What you return must match the listing exactly, with every image removed.

- MATERIAL PROVIDED
[Start of Attachment]

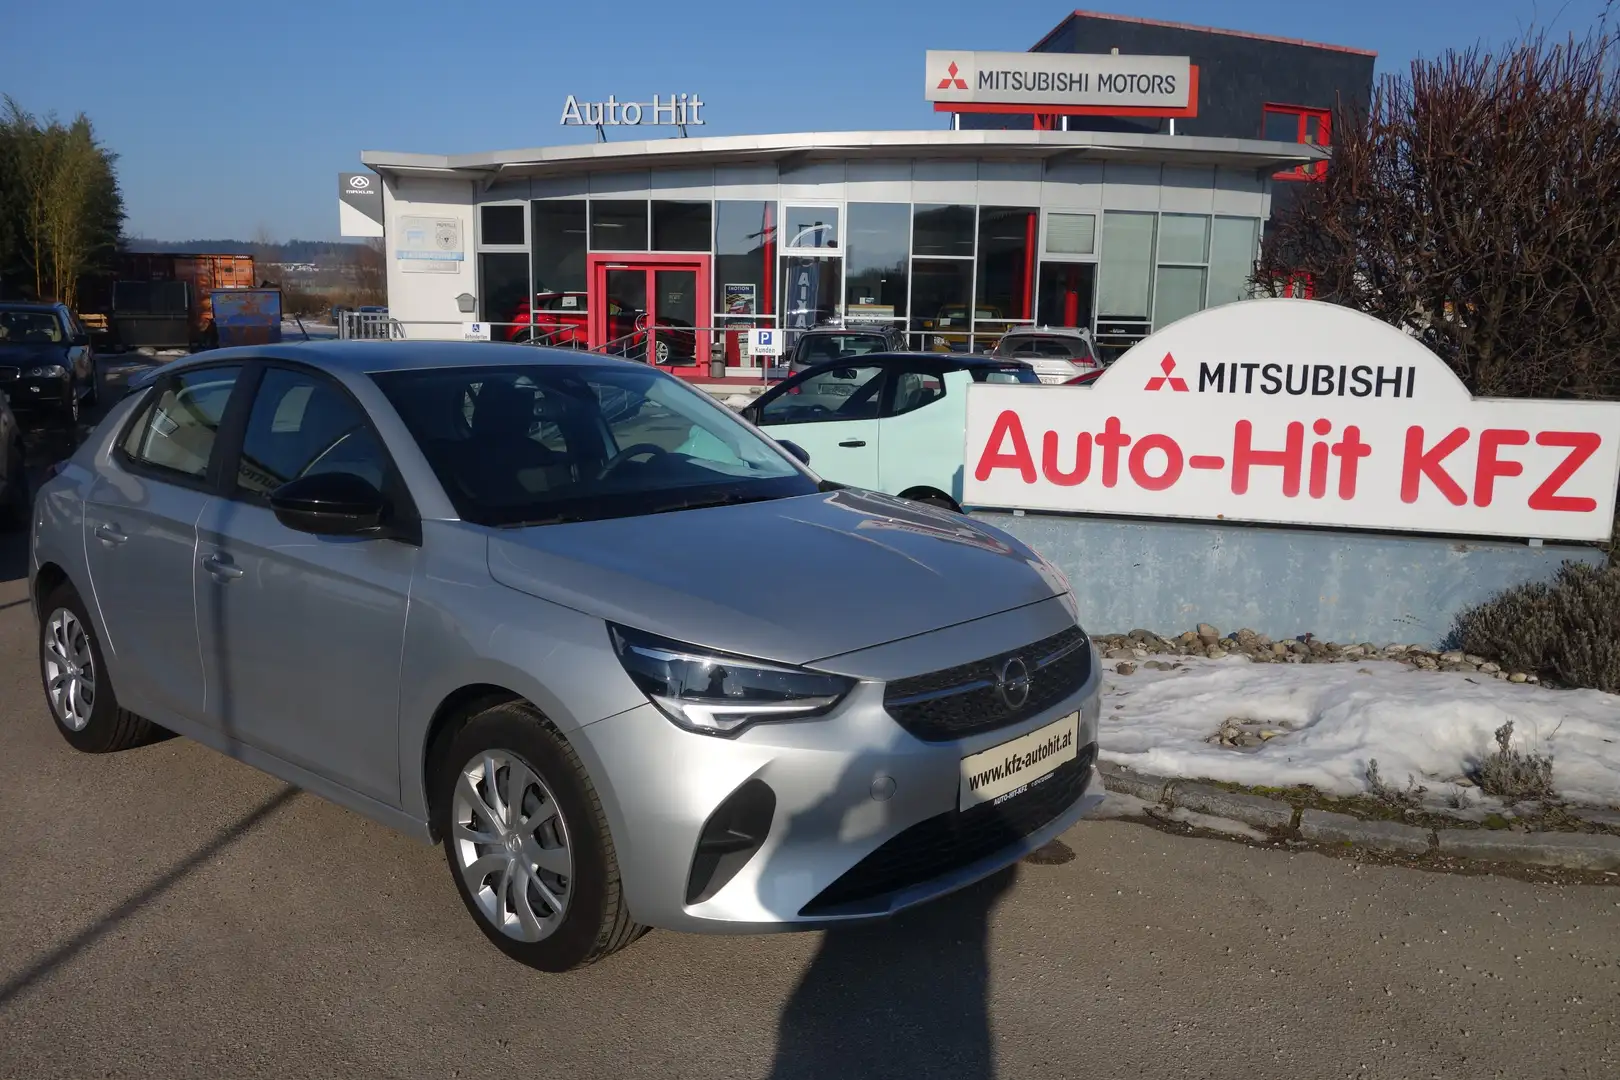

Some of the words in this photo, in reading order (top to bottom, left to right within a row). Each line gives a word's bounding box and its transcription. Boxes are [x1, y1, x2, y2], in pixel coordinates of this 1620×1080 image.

[978, 70, 1089, 92] MITSUBISHI
[1097, 73, 1176, 95] MOTORS
[560, 94, 642, 125] Auto
[653, 93, 704, 125] Hit
[761, 332, 769, 344] P
[1198, 362, 1416, 398] MITSUBISHI
[975, 409, 1372, 500] Auto-Hit
[1401, 425, 1602, 512] KFZ
[969, 727, 1073, 792] www.kfz-autohit.at
[993, 784, 1029, 806] AUTO-HIT-KFZ
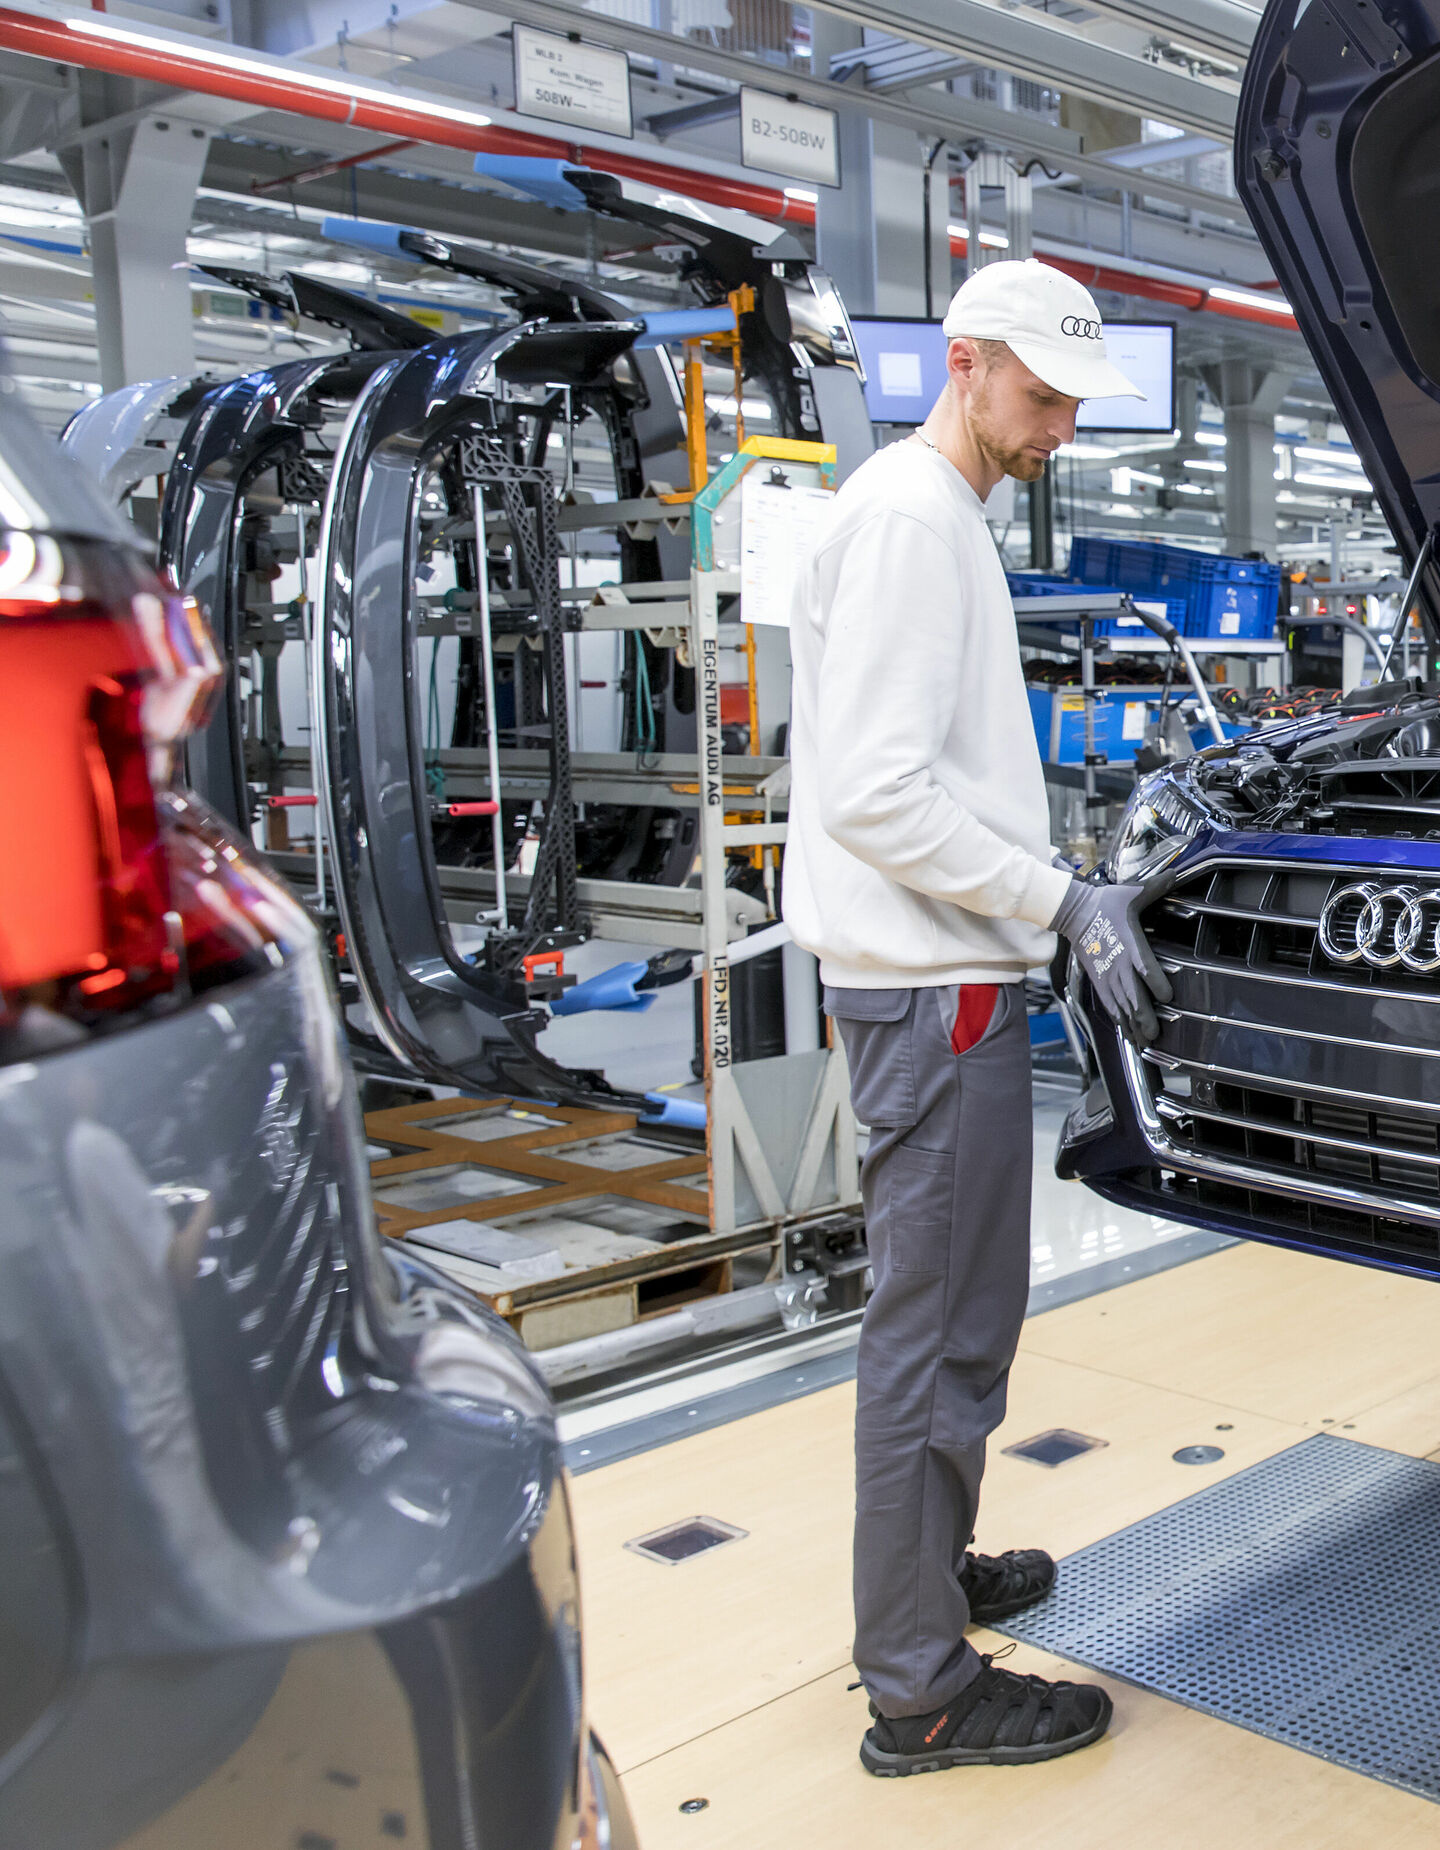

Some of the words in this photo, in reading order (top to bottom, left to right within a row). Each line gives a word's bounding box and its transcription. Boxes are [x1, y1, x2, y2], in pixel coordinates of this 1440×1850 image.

[751, 118, 826, 150] B2-508W
[703, 639, 718, 729] EIGENTUM
[706, 734, 719, 775] AUDI
[708, 780, 721, 806] AG

[End of Attachment]

- SOLVED PROBLEM
Some of the words in this photo, in reading order (top to bottom, left to right within a row). Each line gives a word's bounding box and its transcription. Boxes are [x1, y1, x2, y2], in pixel coordinates of this 1620×1080 image.

[978, 70, 1089, 92] MITSUBISHI
[1097, 73, 1176, 95] MOTORS
[560, 94, 642, 125] Auto
[653, 93, 704, 125] Hit
[761, 332, 769, 344] P
[1198, 362, 1416, 398] MITSUBISHI
[975, 409, 1372, 500] Auto-Hit
[1401, 425, 1602, 512] KFZ
[969, 727, 1073, 792] www.kfz-autohit.at
[993, 784, 1029, 806] AUTO-HIT-KFZ

Some of the words in this photo, in reading order (top to bottom, left to right within a row). Each line gives a word's bounding box and its transcription. Boxes are [x1, y1, x2, y2], in pixel coordinates of this 1440×1850 image.

[751, 118, 826, 150] B2-508W
[703, 639, 718, 729] EIGENTUM
[706, 734, 719, 775] AUDI
[708, 780, 721, 806] AG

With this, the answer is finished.